**TASK DATA**

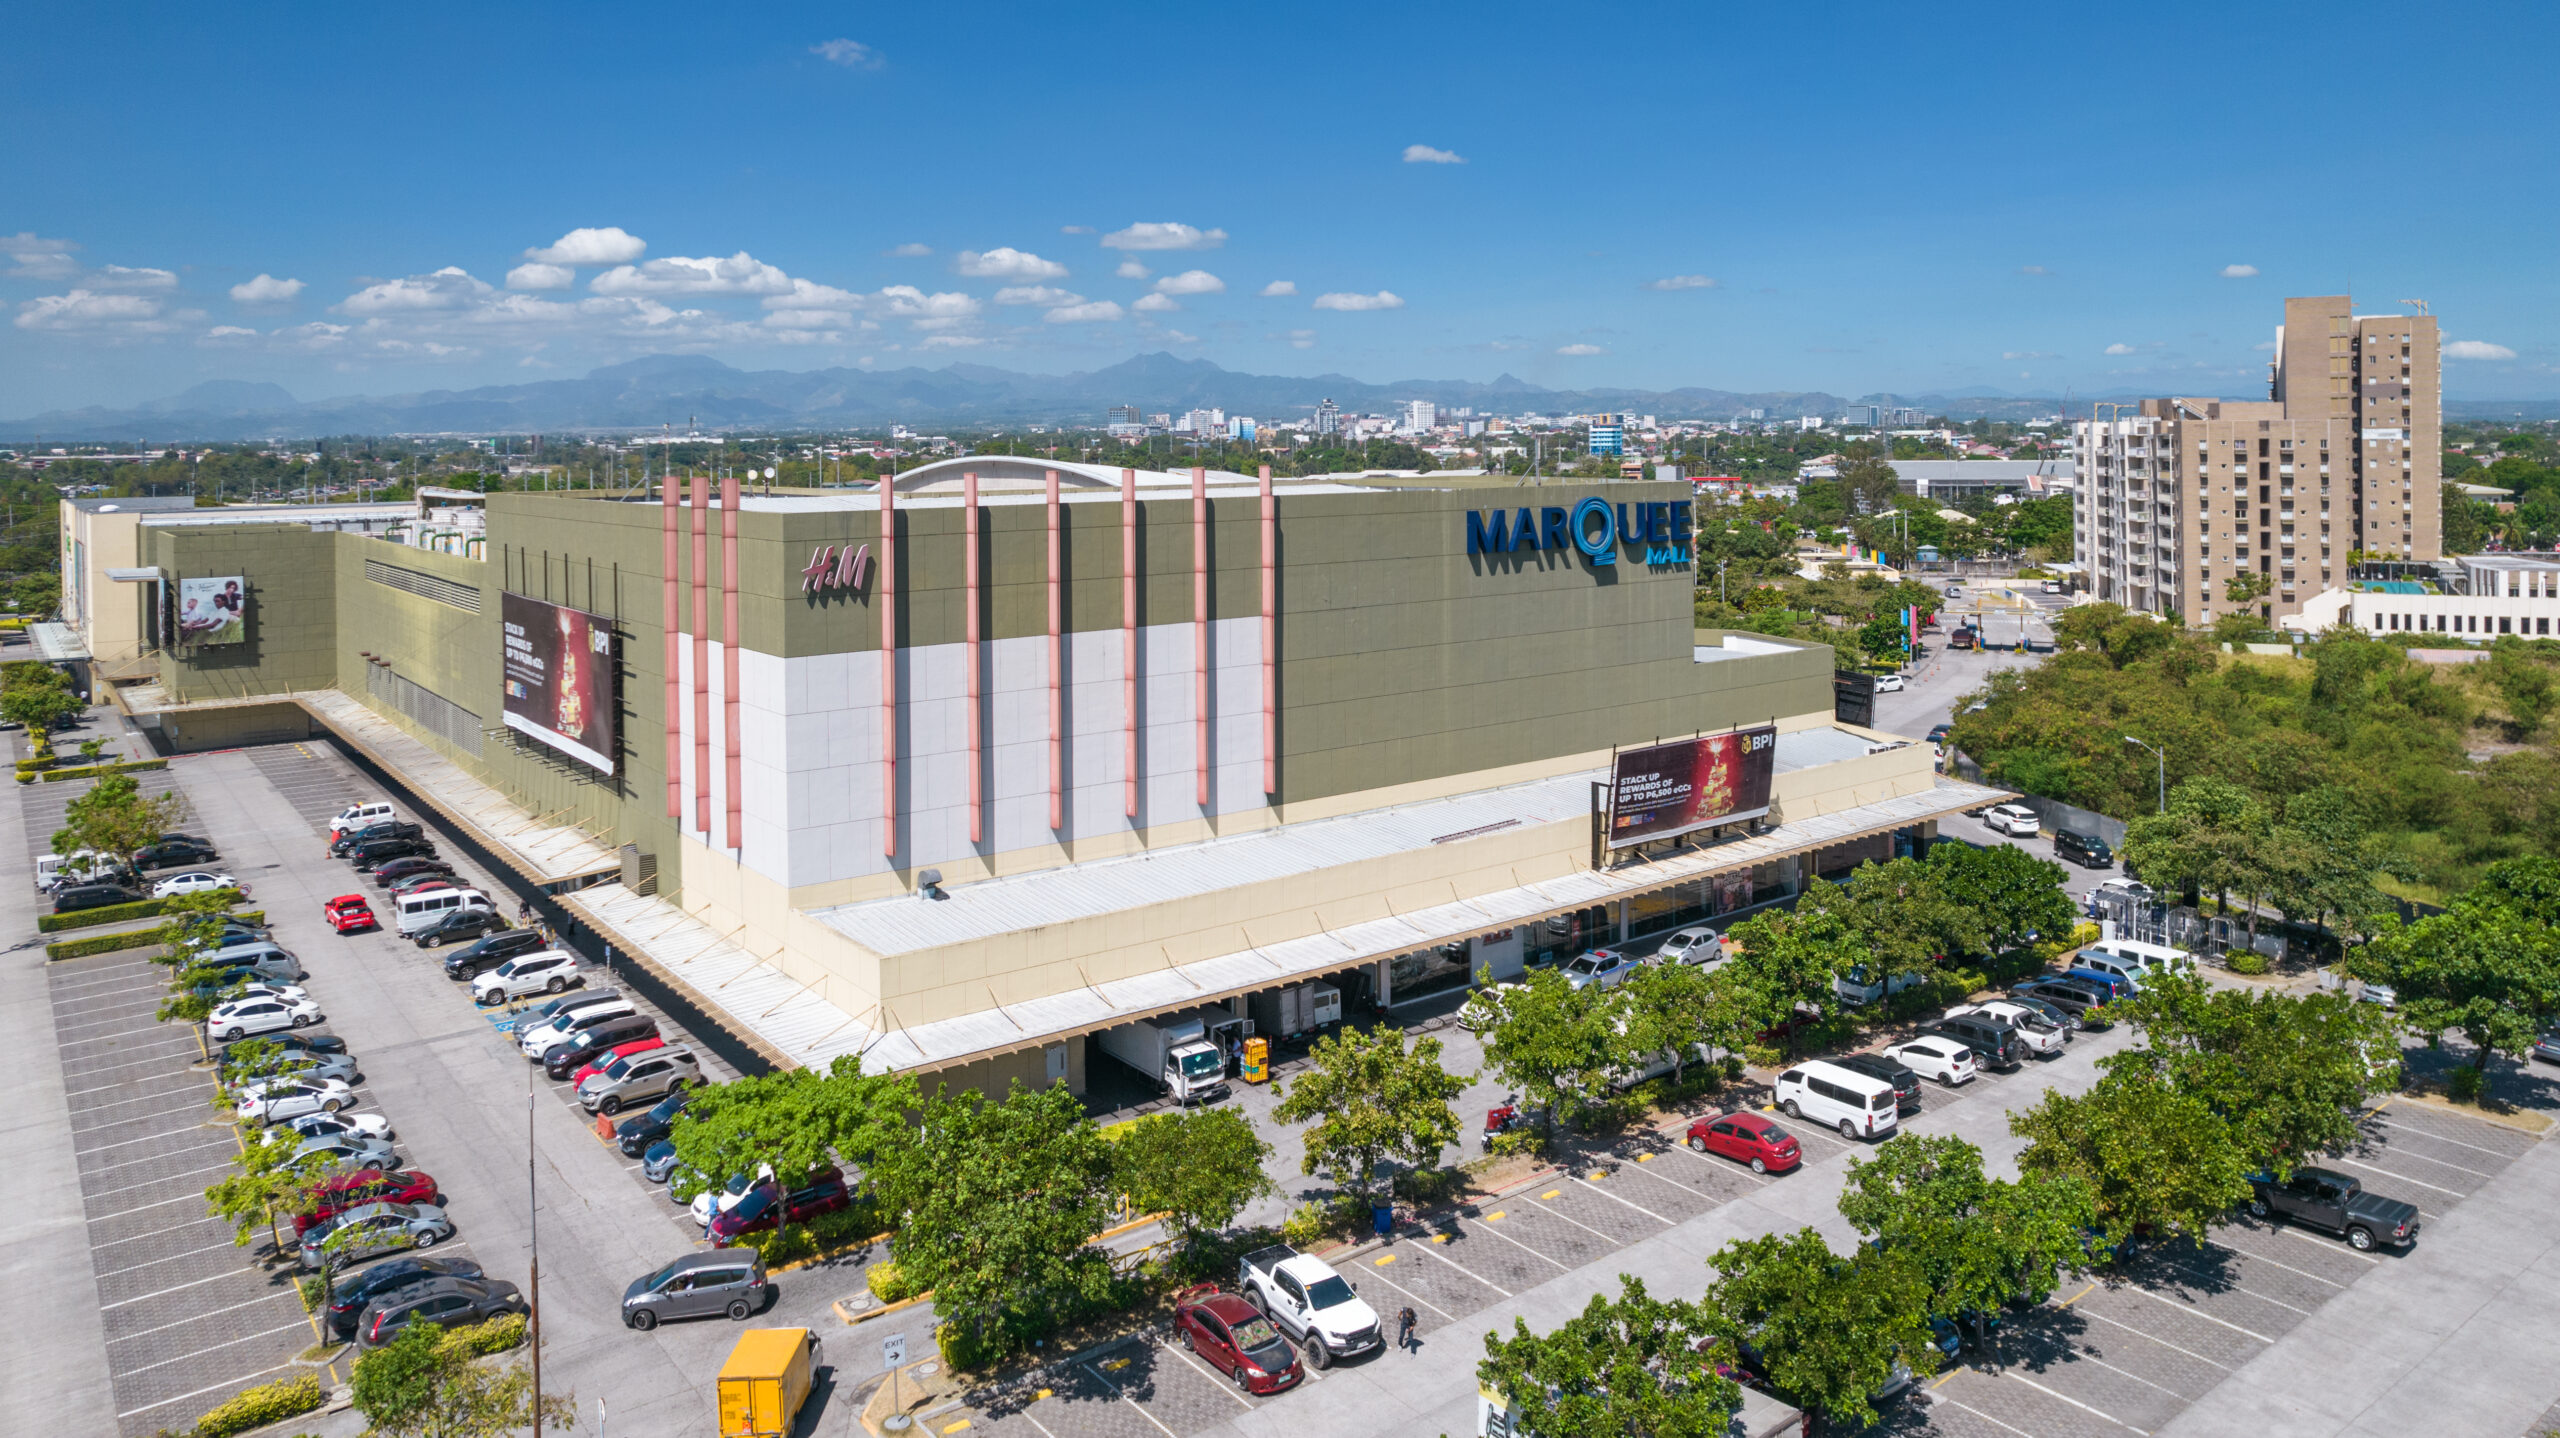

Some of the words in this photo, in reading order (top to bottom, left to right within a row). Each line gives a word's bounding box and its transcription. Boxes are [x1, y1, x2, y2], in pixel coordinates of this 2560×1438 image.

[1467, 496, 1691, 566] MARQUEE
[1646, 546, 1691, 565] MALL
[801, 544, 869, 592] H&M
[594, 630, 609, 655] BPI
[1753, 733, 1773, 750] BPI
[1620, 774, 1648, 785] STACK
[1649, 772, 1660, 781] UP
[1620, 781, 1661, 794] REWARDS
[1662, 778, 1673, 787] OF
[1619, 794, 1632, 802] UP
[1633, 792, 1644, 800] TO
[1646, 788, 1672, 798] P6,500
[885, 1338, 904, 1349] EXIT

**EXERCISE**
Please transcribe every entry above exactly, leaving out any pictures.

**TASK OUTPUT**
Some of the words in this photo, in reading order (top to bottom, left to right within a row). Each line gives a word's bounding box and its transcription. Boxes are [x1, y1, x2, y2], in pixel coordinates of this 2560×1438 image.

[1467, 496, 1691, 566] MARQUEE
[1646, 546, 1691, 565] MALL
[801, 544, 869, 592] H&M
[594, 630, 609, 655] BPI
[1753, 733, 1773, 750] BPI
[1620, 774, 1648, 785] STACK
[1649, 772, 1660, 781] UP
[1620, 781, 1661, 794] REWARDS
[1662, 778, 1673, 787] OF
[1619, 794, 1632, 802] UP
[1633, 792, 1644, 800] TO
[1646, 788, 1672, 798] P6,500
[885, 1338, 904, 1349] EXIT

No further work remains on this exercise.